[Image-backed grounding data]
'''
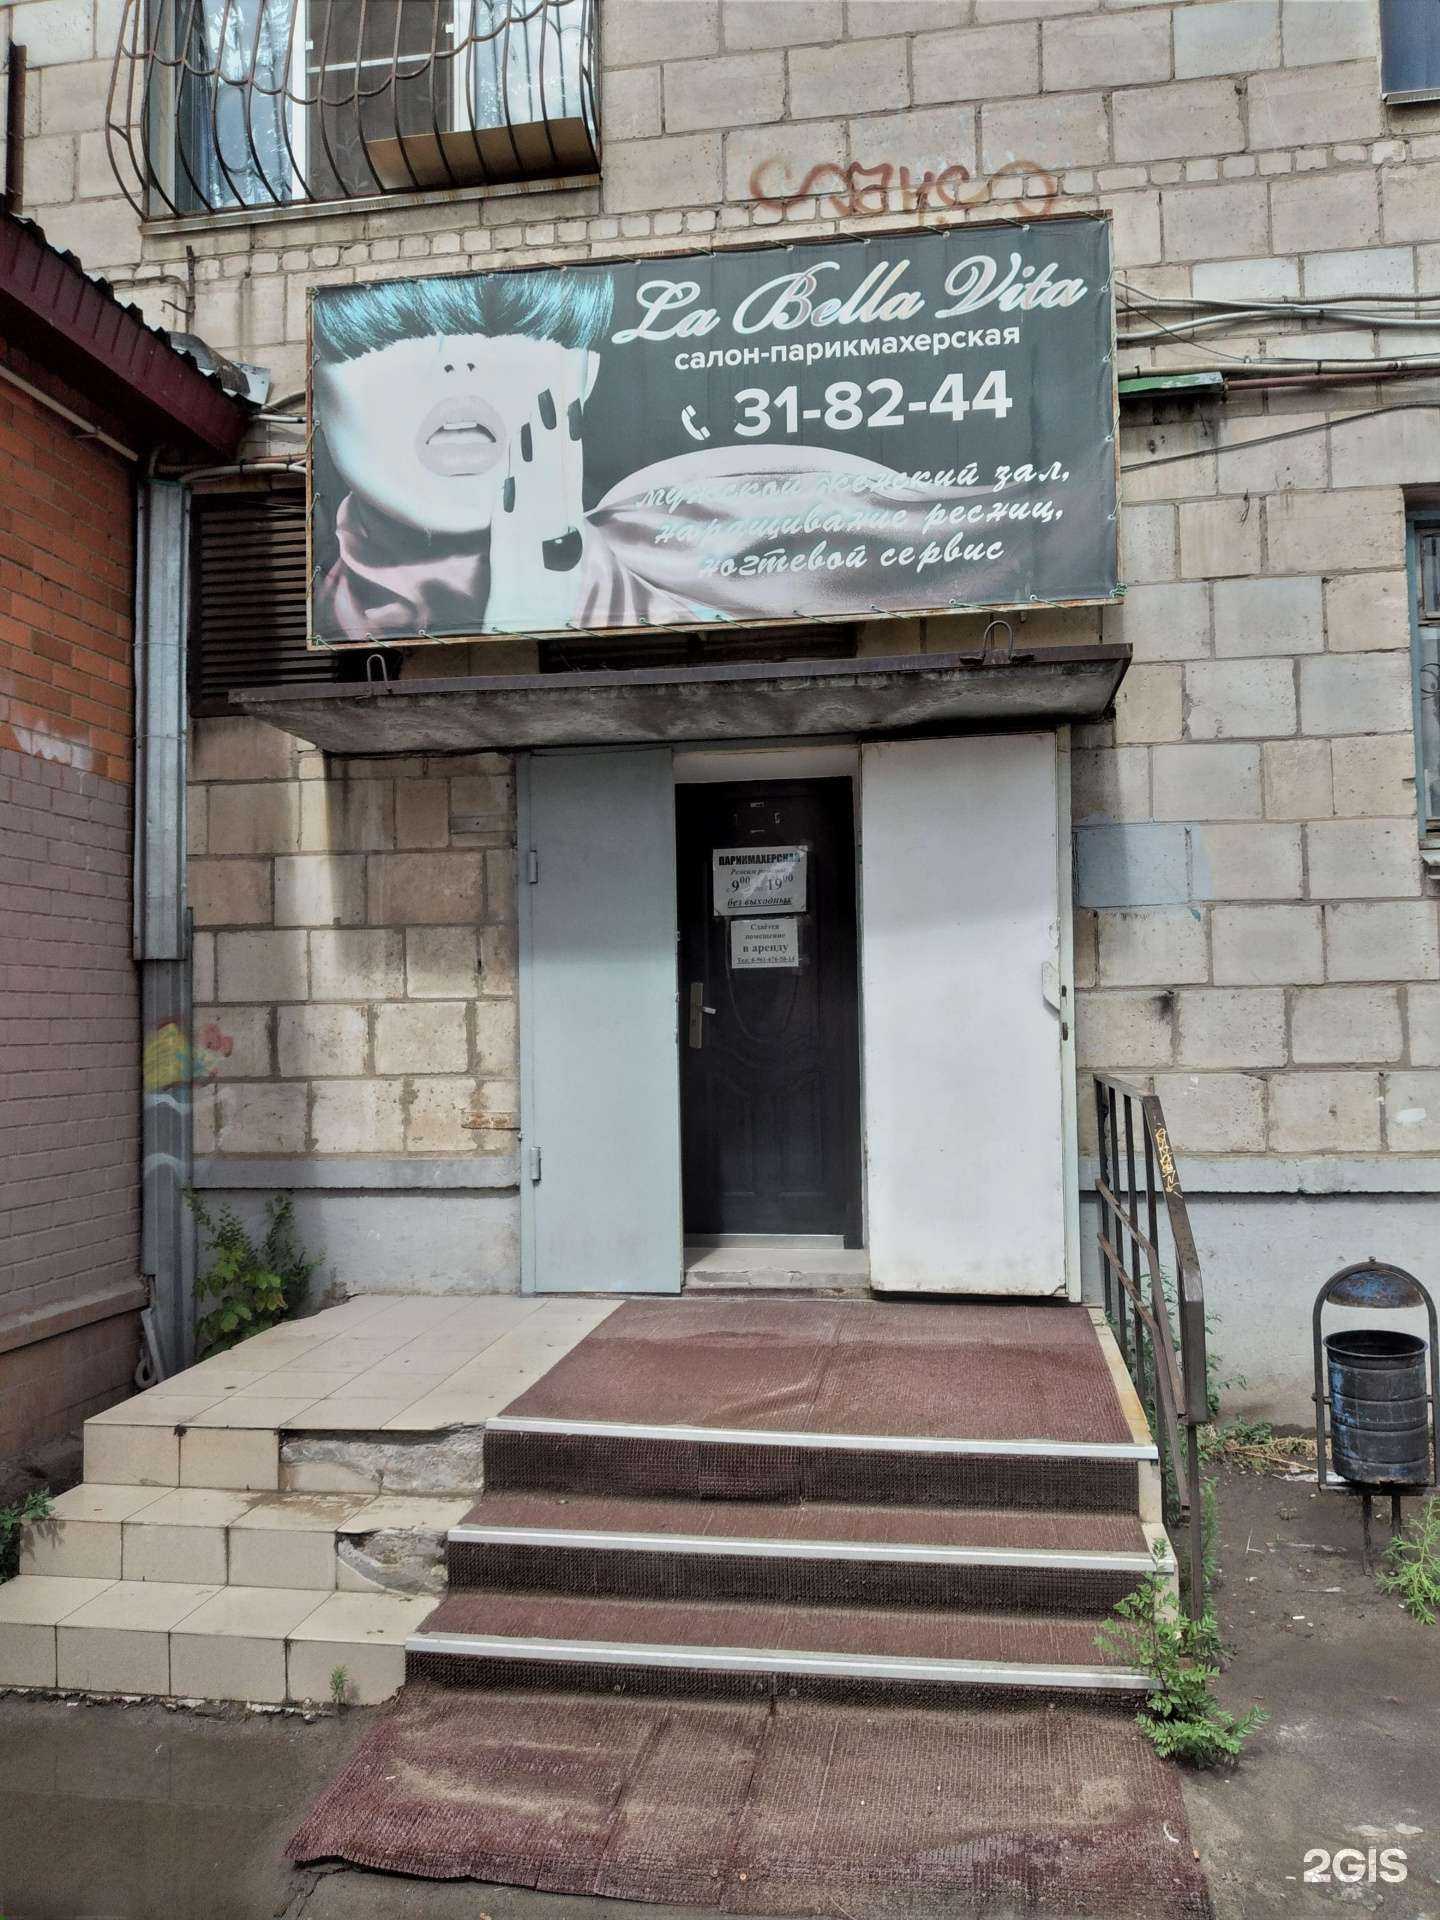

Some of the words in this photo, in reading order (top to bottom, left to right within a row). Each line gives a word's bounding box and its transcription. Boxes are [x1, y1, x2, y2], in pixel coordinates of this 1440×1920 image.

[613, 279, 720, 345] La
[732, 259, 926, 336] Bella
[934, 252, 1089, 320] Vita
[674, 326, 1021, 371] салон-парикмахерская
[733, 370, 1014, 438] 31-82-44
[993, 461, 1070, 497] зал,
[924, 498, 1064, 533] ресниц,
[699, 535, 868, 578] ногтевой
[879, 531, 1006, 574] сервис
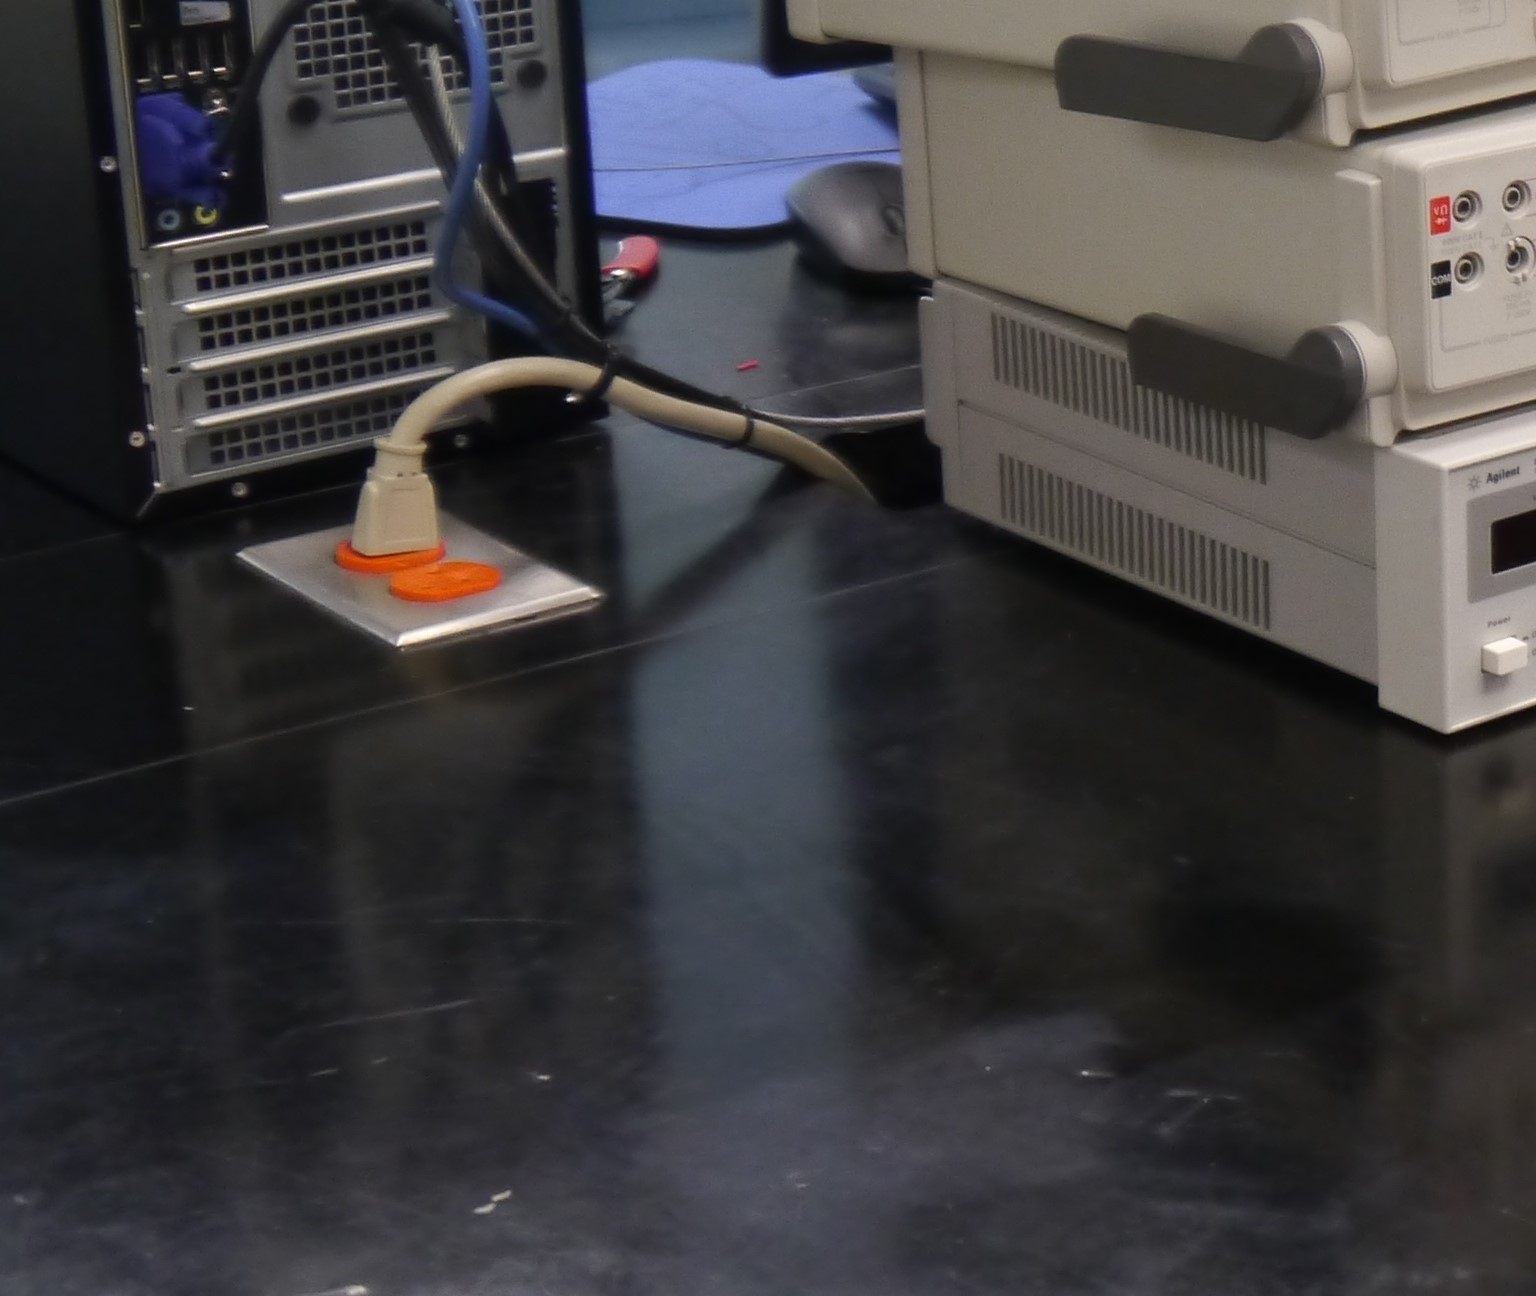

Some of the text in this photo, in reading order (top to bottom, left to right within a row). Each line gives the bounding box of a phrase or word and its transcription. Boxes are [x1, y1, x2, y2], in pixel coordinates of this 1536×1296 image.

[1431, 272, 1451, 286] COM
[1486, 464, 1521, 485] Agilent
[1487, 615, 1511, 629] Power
'''
**THE TASK**
Apart from the pictures, every line of the data above should be given again exactly.

**ANSWER**
Some of the words in this photo, in reading order (top to bottom, left to right within a row). Each line gives a word's bounding box and its transcription. Boxes are [x1, y1, x2, y2], in pixel coordinates of this 1440×1920 image.

[613, 279, 720, 345] La
[732, 259, 926, 336] Bella
[934, 252, 1089, 320] Vita
[674, 326, 1021, 371] салон-парикмахерская
[733, 370, 1014, 438] 31-82-44
[993, 461, 1070, 497] зал,
[924, 498, 1064, 533] ресниц,
[699, 535, 868, 578] ногтевой
[879, 531, 1006, 574] сервис

Some of the text in this photo, in reading order (top to bottom, left to right within a row). Each line gives the bounding box of a phrase or word and its transcription. Boxes are [x1, y1, x2, y2], in pixel coordinates of this 1536×1296 image.

[1431, 272, 1451, 286] COM
[1486, 464, 1521, 485] Agilent
[1487, 615, 1511, 629] Power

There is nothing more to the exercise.